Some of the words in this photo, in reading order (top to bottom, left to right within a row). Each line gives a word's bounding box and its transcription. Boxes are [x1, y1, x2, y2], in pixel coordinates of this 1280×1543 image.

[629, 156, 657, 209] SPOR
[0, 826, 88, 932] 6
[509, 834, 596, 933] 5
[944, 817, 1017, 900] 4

-=-=-

Instructions for the task :: From the first line to the last, transcribe the data exactly.

Output of the task ::
Some of the words in this photo, in reading order (top to bottom, left to right within a row). Each line gives a word's bounding box and its transcription. Boxes are [x1, y1, x2, y2], in pixel coordinates of this 1280×1543 image.

[629, 156, 657, 209] SPOR
[0, 826, 88, 932] 6
[509, 834, 596, 933] 5
[944, 817, 1017, 900] 4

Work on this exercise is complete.